THE SIEGE OF MECCA: THE FORGOTTEN UPRISING IN ISLAM’S HOLIEST SHRINE AND THE BIRTH OF AL QAEDA by Yaroslav Trofimov (Doubleday), 301 pages, $34 cloth. Rating: NNNN
Sandblasted from history by the humiliated leaders of a dysfunctional desert monarchy and long forgotten by a world that has moved on to the anxieties of other atrocities are the cataclysmic events that took place in Mecca nearly three decades ago.
For two weeks beginning in mid-November 1979, a heavily armed and well-trained cult aiming to purify Islam in Saudi Arabia held the Grand Mosque and hundreds of pilgrims hostage in a showdown with the Saudi royal family.
Those tension-filled days are grippingly recounted in Yaroslav Trofimov’s book The Siege Of Mecca. In a narrative rich in action and insight, he takes the reader deep into the stinking, sweating catacombs beneath the mosque where the rebels fought and nearly defeated the forces of the kingdom.

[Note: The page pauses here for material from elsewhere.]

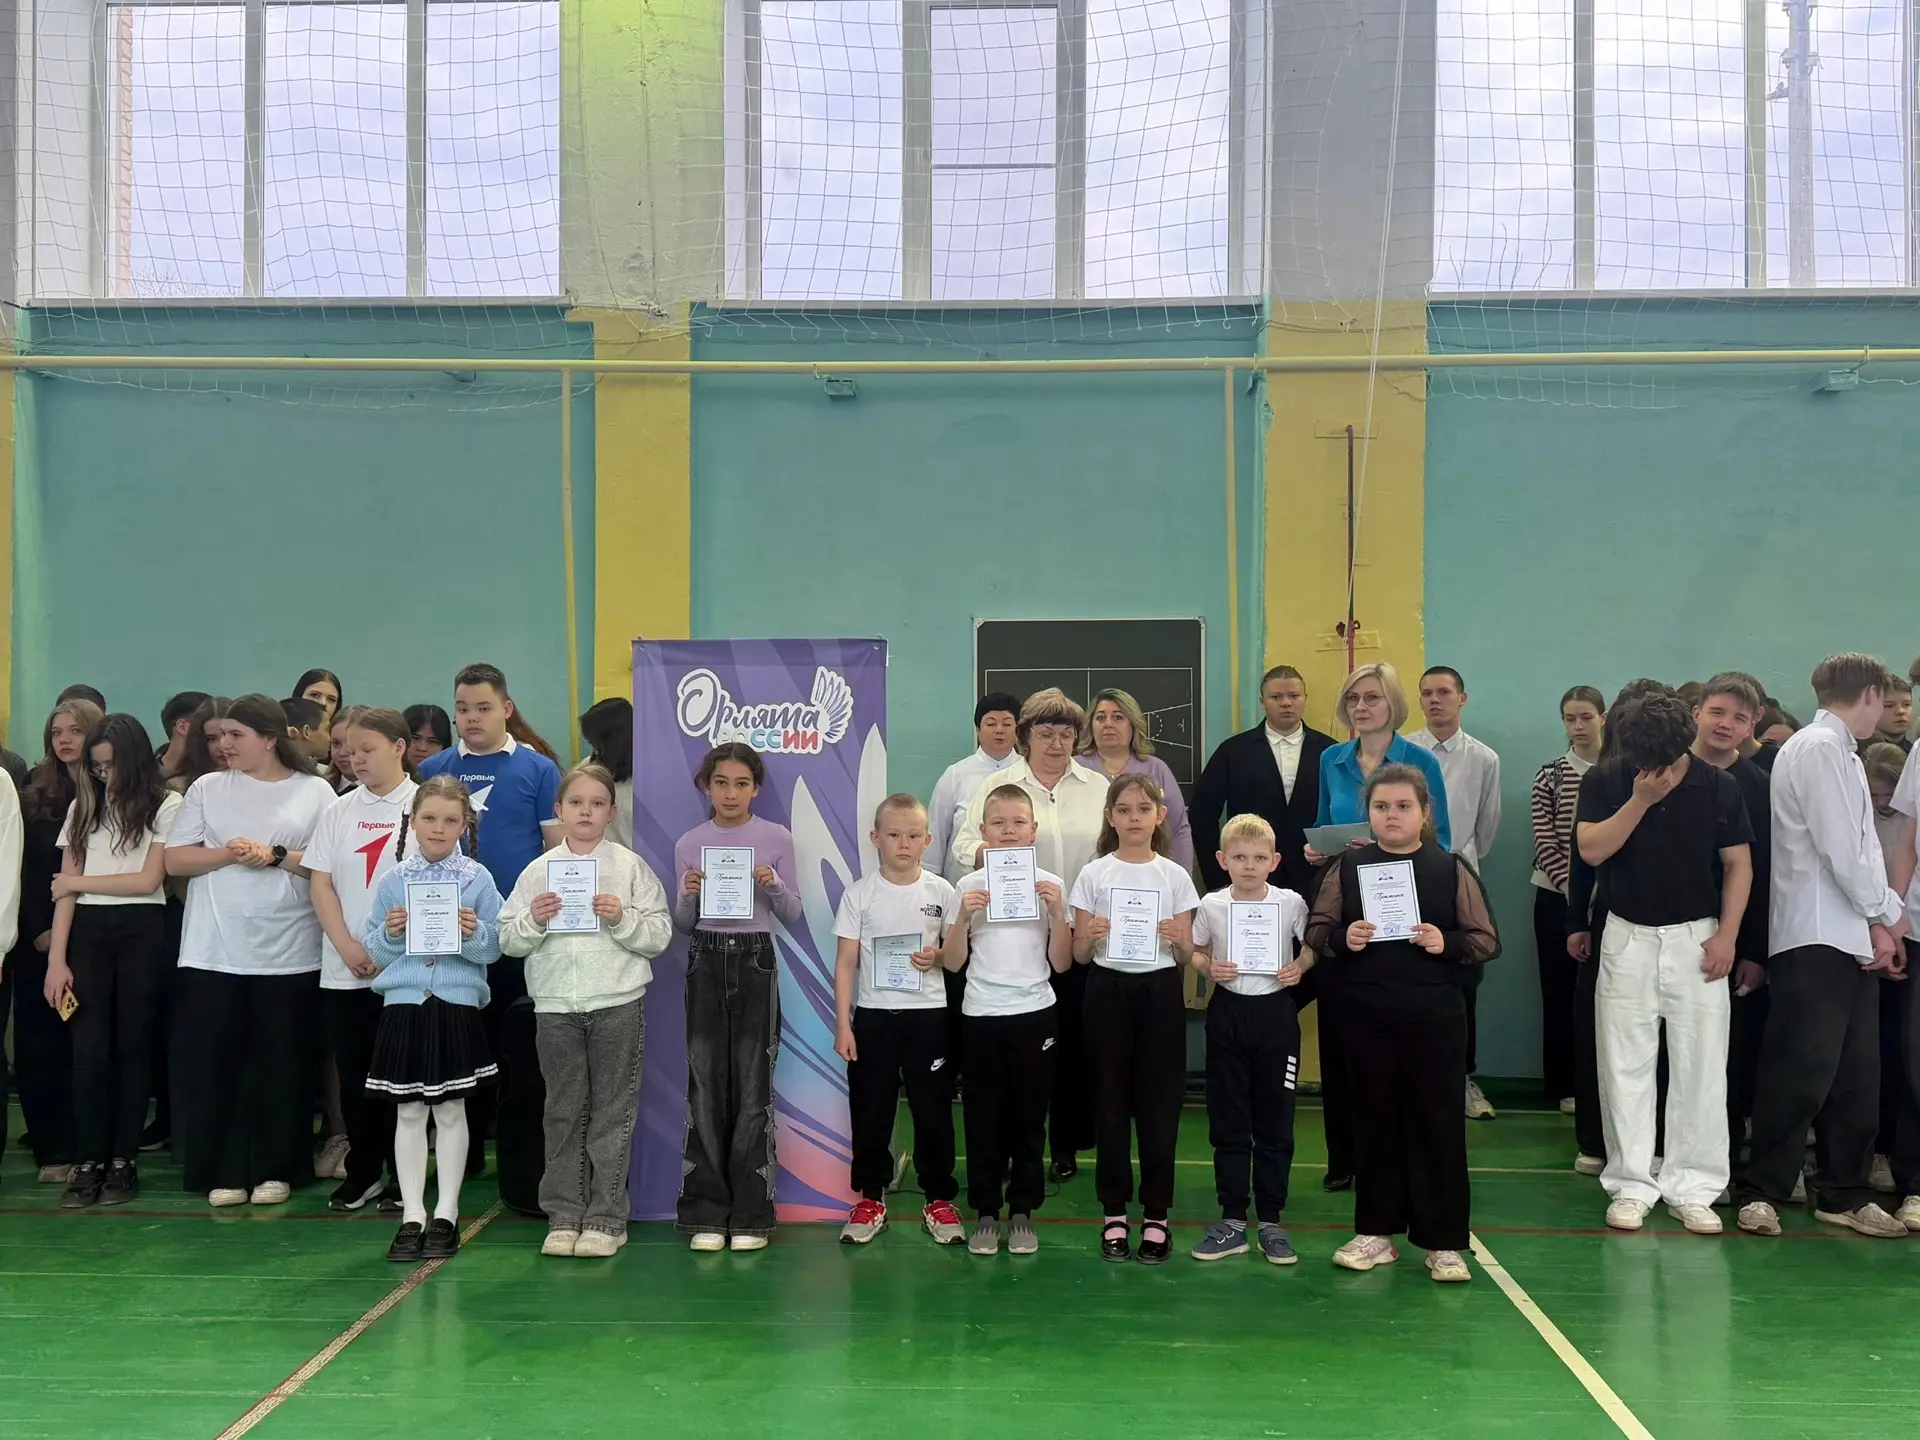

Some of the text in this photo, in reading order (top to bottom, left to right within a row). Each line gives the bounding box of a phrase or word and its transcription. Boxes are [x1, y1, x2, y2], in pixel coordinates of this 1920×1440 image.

[681, 672, 821, 739] Орлята
[459, 774, 496, 782] Первые
[357, 821, 396, 831] Первые

Unfolding soon after the capture of the American embassy in Tehran in the early days of the Iranian revolution, the bloody takeover of the Grand Mosque had Washington convinced the entire Middle East was on the brink.
To appease radical clerics and get their blessing for the use of military force against the zealots in the mosque, the Saudi royal family agreed to their demands for stricter enforcement of Islamic law and, in the process, bred a new generation of anti-Western extremists.
And when Soviet troops invaded Afghanistan just a few weeks after the end of the siege in Mecca, Saudi Arabia exported its radicals to fight with the mujahedeen. Among those joining the jihad was a shy young man named Osama bin Laden.
Those few weeks at the end of 1979 were the beginning of a nightmare from which much of the world has still not awoken.